What is the Helium One stock forecast for 2025? The current 28p resistance level must be hurdled dramatically, or shares of Helium One could crumble in the near and long run. The market is demanding solid evidence that the Tanzanian fields can yield high-grade helium as promised before leapfrogging this short-term value. It is one thing to see David Minchin in his hardhat on site, but he also knows the time for talk is over.
Even if major finds are confirmed, the firm will require a good bit of additional capital to deliver its product to the marketplace. Minchin has already noted that a processing plant will require $50m to get off the ground and produce 3.5m cubic feet of helium annually. The current estimate for the Rukwa project alone is for a potential of 138 billion cf. With operating costs of $6m and revenues approaching $100m, a very profitable business plan could be a real possibility for this company.
Is Helium One a good stock to buy for the long term?

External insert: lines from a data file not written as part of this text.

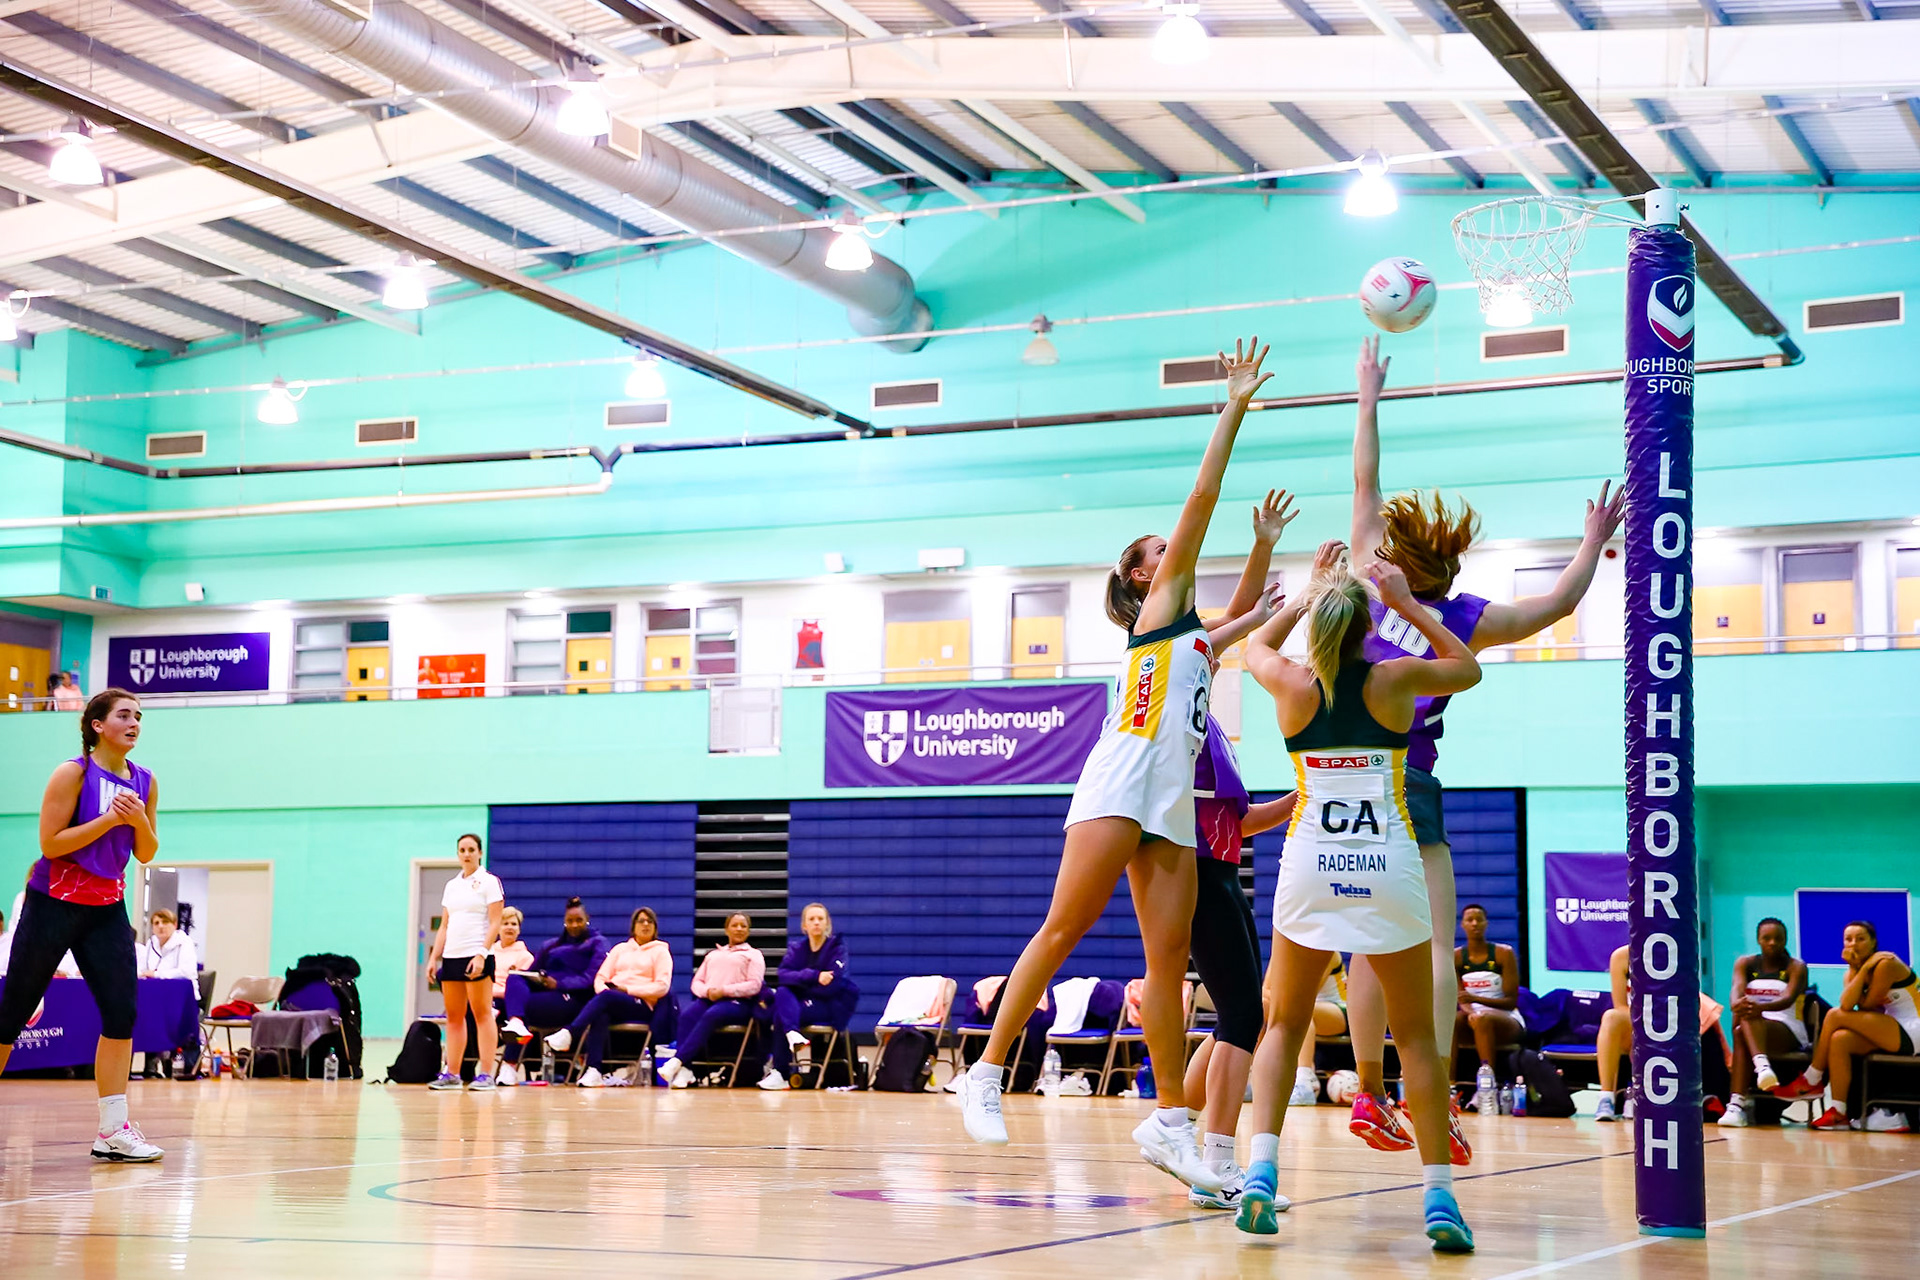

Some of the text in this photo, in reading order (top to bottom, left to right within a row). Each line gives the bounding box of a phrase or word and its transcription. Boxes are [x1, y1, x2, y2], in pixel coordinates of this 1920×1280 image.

[159, 645, 249, 666] Loughborough
[158, 663, 221, 681] University
[914, 706, 1065, 735] Loughborough
[913, 734, 1018, 760] University
[1319, 757, 1368, 768] SPAR
[1321, 800, 1380, 835] CA
[1643, 452, 1687, 1170] LOUGHBOROUGH
[1318, 854, 1386, 872] RADEMAN
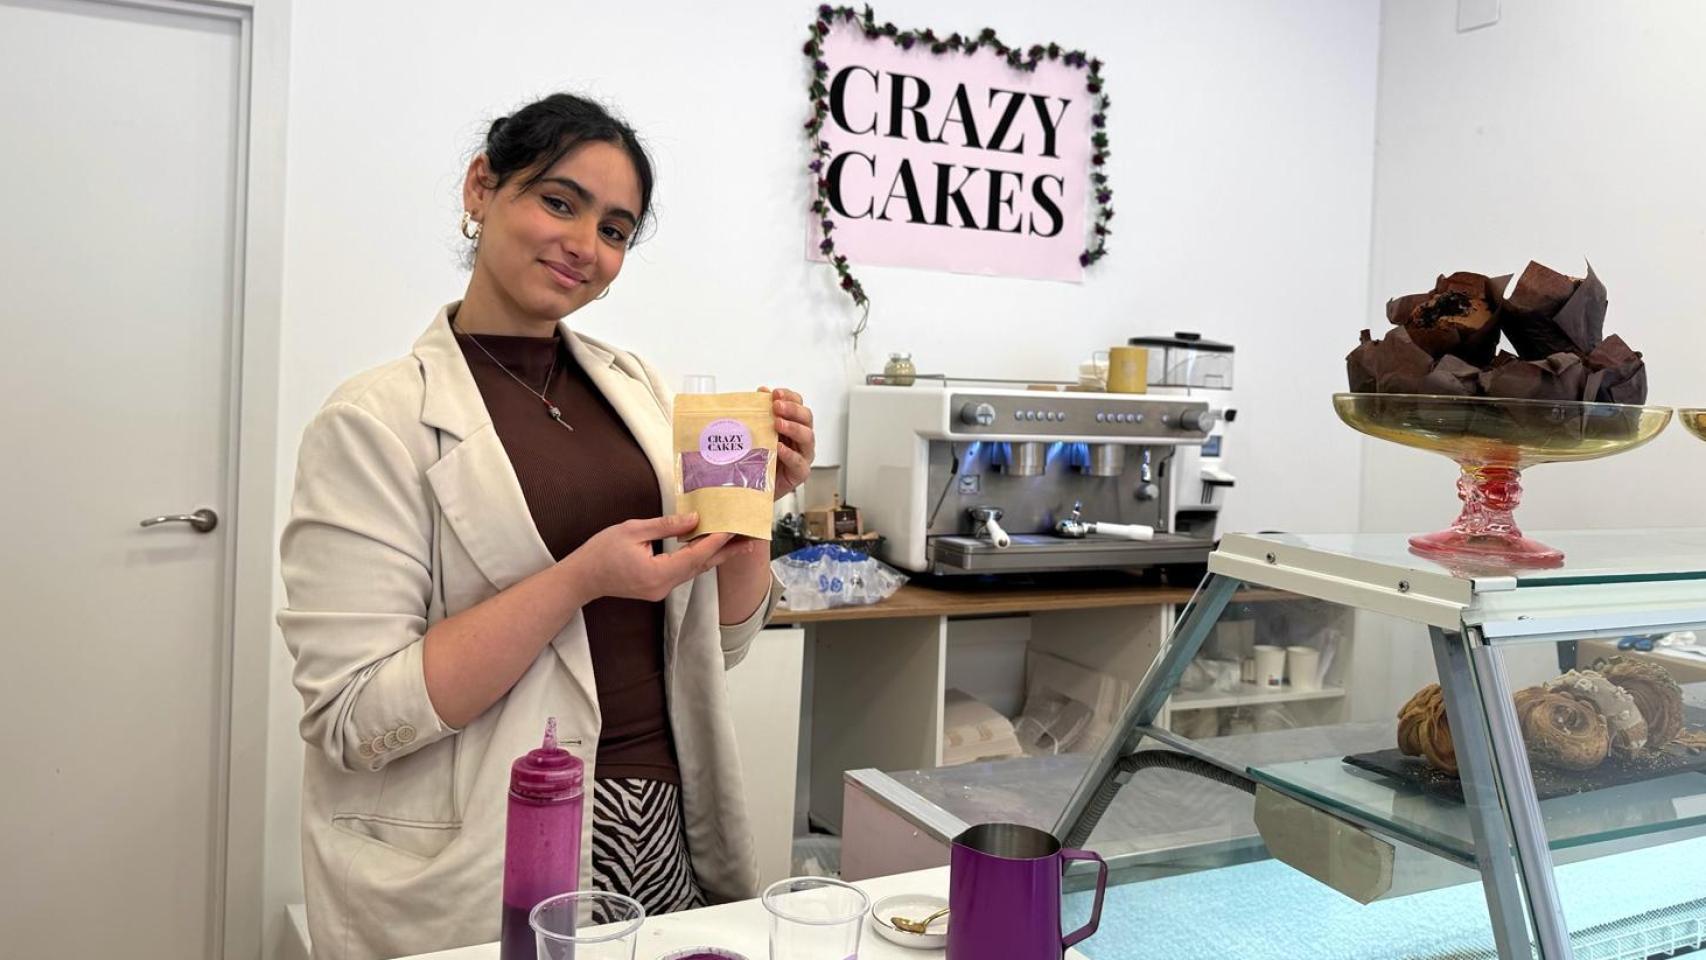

HE1 is speculative investing at its best and worst if it fails. The majority of startup firms in the mineral exploration sector typically fail due to a lack of capital, competition, and, most often, due to poor results down the road. Helium One is definitely a coin toss that could end up on either side.
Is Helium One Global Ltd a buy or a sell? Caution is the byword here unless you are an investor who likes to take highly risky bets with very large payoff potential. Investors want more confirmation of profitable helium deposits before driving this stock price up any further, for the near or for the long term.
As for a final sentiment, Mr Hargreaves counsels caution: “Even if it finds commercially viable amounts of the resource, it will still face a long battle to get the project up and running and producing cash flow. As a result, it could be years before the company sees any return on its exploration investment” (source: The Motley Fool). Are you an investor that likes high-risk/reward situations?